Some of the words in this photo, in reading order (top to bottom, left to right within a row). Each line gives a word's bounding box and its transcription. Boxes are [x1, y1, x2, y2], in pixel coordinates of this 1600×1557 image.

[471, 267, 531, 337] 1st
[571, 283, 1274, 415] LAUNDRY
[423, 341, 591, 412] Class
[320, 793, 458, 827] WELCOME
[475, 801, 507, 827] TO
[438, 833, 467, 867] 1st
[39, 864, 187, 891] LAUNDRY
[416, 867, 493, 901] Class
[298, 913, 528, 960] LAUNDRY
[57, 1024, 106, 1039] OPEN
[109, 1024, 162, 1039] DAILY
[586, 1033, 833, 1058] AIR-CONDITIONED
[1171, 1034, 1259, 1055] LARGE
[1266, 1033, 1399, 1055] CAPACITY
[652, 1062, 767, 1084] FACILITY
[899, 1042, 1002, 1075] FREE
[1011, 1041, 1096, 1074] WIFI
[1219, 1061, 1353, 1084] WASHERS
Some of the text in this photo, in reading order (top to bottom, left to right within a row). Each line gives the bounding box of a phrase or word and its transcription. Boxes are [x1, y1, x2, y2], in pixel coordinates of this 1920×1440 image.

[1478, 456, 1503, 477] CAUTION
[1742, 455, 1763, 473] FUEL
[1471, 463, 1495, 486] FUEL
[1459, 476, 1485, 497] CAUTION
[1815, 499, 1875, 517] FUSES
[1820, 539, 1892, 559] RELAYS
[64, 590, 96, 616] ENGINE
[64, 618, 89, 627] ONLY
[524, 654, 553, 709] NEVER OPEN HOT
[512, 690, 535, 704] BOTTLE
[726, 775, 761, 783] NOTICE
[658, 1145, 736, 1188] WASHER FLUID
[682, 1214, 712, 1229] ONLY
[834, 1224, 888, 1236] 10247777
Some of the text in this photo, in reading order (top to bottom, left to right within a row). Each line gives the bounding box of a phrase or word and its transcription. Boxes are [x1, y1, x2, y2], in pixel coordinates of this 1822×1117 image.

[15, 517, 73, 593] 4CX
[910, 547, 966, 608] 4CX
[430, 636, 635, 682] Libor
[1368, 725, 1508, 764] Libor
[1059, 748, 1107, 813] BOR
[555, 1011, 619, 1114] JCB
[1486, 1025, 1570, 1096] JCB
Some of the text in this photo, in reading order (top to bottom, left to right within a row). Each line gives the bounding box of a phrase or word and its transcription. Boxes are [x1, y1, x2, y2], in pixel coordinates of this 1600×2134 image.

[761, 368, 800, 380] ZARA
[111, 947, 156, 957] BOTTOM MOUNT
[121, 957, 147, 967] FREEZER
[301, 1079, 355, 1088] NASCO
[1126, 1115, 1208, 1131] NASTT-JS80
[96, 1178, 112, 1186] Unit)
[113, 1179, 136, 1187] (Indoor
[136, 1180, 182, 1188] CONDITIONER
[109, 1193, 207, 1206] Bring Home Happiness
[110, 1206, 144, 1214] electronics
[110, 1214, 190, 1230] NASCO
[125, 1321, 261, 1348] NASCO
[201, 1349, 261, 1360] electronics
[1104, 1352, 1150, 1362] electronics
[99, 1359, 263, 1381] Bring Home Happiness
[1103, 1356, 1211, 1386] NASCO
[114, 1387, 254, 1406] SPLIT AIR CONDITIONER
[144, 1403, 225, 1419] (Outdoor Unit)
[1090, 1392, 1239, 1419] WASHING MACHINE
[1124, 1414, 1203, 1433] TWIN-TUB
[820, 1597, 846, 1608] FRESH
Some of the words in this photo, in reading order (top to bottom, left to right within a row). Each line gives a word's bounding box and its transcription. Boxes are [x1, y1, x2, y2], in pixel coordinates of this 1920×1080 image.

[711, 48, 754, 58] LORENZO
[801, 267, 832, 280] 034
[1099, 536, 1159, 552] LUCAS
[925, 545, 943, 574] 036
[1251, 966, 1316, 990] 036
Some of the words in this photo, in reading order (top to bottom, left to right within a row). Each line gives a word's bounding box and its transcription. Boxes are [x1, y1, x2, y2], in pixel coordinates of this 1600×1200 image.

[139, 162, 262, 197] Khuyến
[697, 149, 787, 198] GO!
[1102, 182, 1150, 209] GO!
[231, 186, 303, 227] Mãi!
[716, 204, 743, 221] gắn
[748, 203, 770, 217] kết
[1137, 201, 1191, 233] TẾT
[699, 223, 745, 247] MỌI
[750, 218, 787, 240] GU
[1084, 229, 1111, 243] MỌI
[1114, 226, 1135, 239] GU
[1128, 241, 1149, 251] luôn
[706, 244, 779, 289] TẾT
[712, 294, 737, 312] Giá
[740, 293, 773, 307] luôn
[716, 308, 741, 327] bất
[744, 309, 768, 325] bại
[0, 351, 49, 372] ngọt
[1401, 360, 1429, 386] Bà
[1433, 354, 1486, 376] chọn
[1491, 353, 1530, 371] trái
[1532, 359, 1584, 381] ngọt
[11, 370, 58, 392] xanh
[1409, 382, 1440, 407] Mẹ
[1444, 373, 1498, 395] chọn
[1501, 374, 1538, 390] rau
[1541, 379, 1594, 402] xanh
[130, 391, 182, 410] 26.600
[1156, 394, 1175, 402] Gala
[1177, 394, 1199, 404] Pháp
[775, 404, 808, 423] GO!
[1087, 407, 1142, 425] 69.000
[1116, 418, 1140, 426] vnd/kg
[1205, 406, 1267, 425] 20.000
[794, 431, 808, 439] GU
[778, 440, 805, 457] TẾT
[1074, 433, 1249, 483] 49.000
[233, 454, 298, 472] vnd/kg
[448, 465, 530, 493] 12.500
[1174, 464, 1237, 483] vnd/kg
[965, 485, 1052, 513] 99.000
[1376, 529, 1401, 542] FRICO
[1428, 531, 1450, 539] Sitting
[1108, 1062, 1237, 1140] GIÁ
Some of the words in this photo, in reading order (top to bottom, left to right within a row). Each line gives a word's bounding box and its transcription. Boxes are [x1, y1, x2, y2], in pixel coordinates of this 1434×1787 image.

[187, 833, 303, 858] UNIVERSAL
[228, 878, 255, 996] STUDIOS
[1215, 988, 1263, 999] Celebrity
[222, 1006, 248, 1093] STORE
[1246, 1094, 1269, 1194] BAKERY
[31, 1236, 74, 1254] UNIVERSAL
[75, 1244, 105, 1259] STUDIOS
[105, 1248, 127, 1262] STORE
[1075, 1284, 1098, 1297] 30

§ §

Exactly as shown, repeat every record.

Some of the words in this photo, in reading order (top to bottom, left to right within a row). Each line gives a word's bounding box and its transcription. Boxes are [x1, y1, x2, y2], in pixel coordinates of this 1600×1557 image.

[471, 267, 531, 337] 1st
[571, 283, 1274, 415] LAUNDRY
[423, 341, 591, 412] Class
[320, 793, 458, 827] WELCOME
[475, 801, 507, 827] TO
[438, 833, 467, 867] 1st
[39, 864, 187, 891] LAUNDRY
[416, 867, 493, 901] Class
[298, 913, 528, 960] LAUNDRY
[57, 1024, 106, 1039] OPEN
[109, 1024, 162, 1039] DAILY
[586, 1033, 833, 1058] AIR-CONDITIONED
[1171, 1034, 1259, 1055] LARGE
[1266, 1033, 1399, 1055] CAPACITY
[652, 1062, 767, 1084] FACILITY
[899, 1042, 1002, 1075] FREE
[1011, 1041, 1096, 1074] WIFI
[1219, 1061, 1353, 1084] WASHERS
Some of the text in this photo, in reading order (top to bottom, left to right within a row). Each line gives the bounding box of a phrase or word and its transcription. Boxes are [x1, y1, x2, y2], in pixel coordinates of this 1920×1440 image.

[1478, 456, 1503, 477] CAUTION
[1742, 455, 1763, 473] FUEL
[1471, 463, 1495, 486] FUEL
[1459, 476, 1485, 497] CAUTION
[1815, 499, 1875, 517] FUSES
[1820, 539, 1892, 559] RELAYS
[64, 590, 96, 616] ENGINE
[64, 618, 89, 627] ONLY
[524, 654, 553, 709] NEVER OPEN HOT
[512, 690, 535, 704] BOTTLE
[726, 775, 761, 783] NOTICE
[658, 1145, 736, 1188] WASHER FLUID
[682, 1214, 712, 1229] ONLY
[834, 1224, 888, 1236] 10247777
Some of the text in this photo, in reading order (top to bottom, left to right within a row). Each line gives the bounding box of a phrase or word and its transcription. Boxes are [x1, y1, x2, y2], in pixel coordinates of this 1822×1117 image.

[15, 517, 73, 593] 4CX
[910, 547, 966, 608] 4CX
[430, 636, 635, 682] Libor
[1368, 725, 1508, 764] Libor
[1059, 748, 1107, 813] BOR
[555, 1011, 619, 1114] JCB
[1486, 1025, 1570, 1096] JCB
Some of the text in this photo, in reading order (top to bottom, left to right within a row). Each line gives the bounding box of a phrase or word and its transcription. Boxes are [x1, y1, x2, y2], in pixel coordinates of this 1600×2134 image.

[761, 368, 800, 380] ZARA
[111, 947, 156, 957] BOTTOM MOUNT
[121, 957, 147, 967] FREEZER
[301, 1079, 355, 1088] NASCO
[1126, 1115, 1208, 1131] NASTT-JS80
[96, 1178, 112, 1186] Unit)
[113, 1179, 136, 1187] (Indoor
[136, 1180, 182, 1188] CONDITIONER
[109, 1193, 207, 1206] Bring Home Happiness
[110, 1206, 144, 1214] electronics
[110, 1214, 190, 1230] NASCO
[125, 1321, 261, 1348] NASCO
[201, 1349, 261, 1360] electronics
[1104, 1352, 1150, 1362] electronics
[99, 1359, 263, 1381] Bring Home Happiness
[1103, 1356, 1211, 1386] NASCO
[114, 1387, 254, 1406] SPLIT AIR CONDITIONER
[144, 1403, 225, 1419] (Outdoor Unit)
[1090, 1392, 1239, 1419] WASHING MACHINE
[1124, 1414, 1203, 1433] TWIN-TUB
[820, 1597, 846, 1608] FRESH
Some of the words in this photo, in reading order (top to bottom, left to right within a row). Each line gives a word's bounding box and its transcription. Boxes are [x1, y1, x2, y2], in pixel coordinates of this 1920×1080 image.

[711, 48, 754, 58] LORENZO
[801, 267, 832, 280] 034
[1099, 536, 1159, 552] LUCAS
[925, 545, 943, 574] 036
[1251, 966, 1316, 990] 036
Some of the words in this photo, in reading order (top to bottom, left to right within a row). Each line gives a word's bounding box and its transcription. Boxes are [x1, y1, x2, y2], in pixel coordinates of this 1600×1200 image.

[139, 162, 262, 197] Khuyến
[697, 149, 787, 198] GO!
[1102, 182, 1150, 209] GO!
[231, 186, 303, 227] Mãi!
[716, 204, 743, 221] gắn
[748, 203, 770, 217] kết
[1137, 201, 1191, 233] TẾT
[699, 223, 745, 247] MỌI
[750, 218, 787, 240] GU
[1084, 229, 1111, 243] MỌI
[1114, 226, 1135, 239] GU
[1128, 241, 1149, 251] luôn
[706, 244, 779, 289] TẾT
[712, 294, 737, 312] Giá
[740, 293, 773, 307] luôn
[716, 308, 741, 327] bất
[744, 309, 768, 325] bại
[0, 351, 49, 372] ngọt
[1401, 360, 1429, 386] Bà
[1433, 354, 1486, 376] chọn
[1491, 353, 1530, 371] trái
[1532, 359, 1584, 381] ngọt
[11, 370, 58, 392] xanh
[1409, 382, 1440, 407] Mẹ
[1444, 373, 1498, 395] chọn
[1501, 374, 1538, 390] rau
[1541, 379, 1594, 402] xanh
[130, 391, 182, 410] 26.600
[1156, 394, 1175, 402] Gala
[1177, 394, 1199, 404] Pháp
[775, 404, 808, 423] GO!
[1087, 407, 1142, 425] 69.000
[1116, 418, 1140, 426] vnd/kg
[1205, 406, 1267, 425] 20.000
[794, 431, 808, 439] GU
[778, 440, 805, 457] TẾT
[1074, 433, 1249, 483] 49.000
[233, 454, 298, 472] vnd/kg
[448, 465, 530, 493] 12.500
[1174, 464, 1237, 483] vnd/kg
[965, 485, 1052, 513] 99.000
[1376, 529, 1401, 542] FRICO
[1428, 531, 1450, 539] Sitting
[1108, 1062, 1237, 1140] GIÁ
Some of the words in this photo, in reading order (top to bottom, left to right within a row). Each line gives a word's bounding box and its transcription. Boxes are [x1, y1, x2, y2], in pixel coordinates of this 1434×1787 image.

[187, 833, 303, 858] UNIVERSAL
[228, 878, 255, 996] STUDIOS
[1215, 988, 1263, 999] Celebrity
[222, 1006, 248, 1093] STORE
[1246, 1094, 1269, 1194] BAKERY
[31, 1236, 74, 1254] UNIVERSAL
[75, 1244, 105, 1259] STUDIOS
[105, 1248, 127, 1262] STORE
[1075, 1284, 1098, 1297] 30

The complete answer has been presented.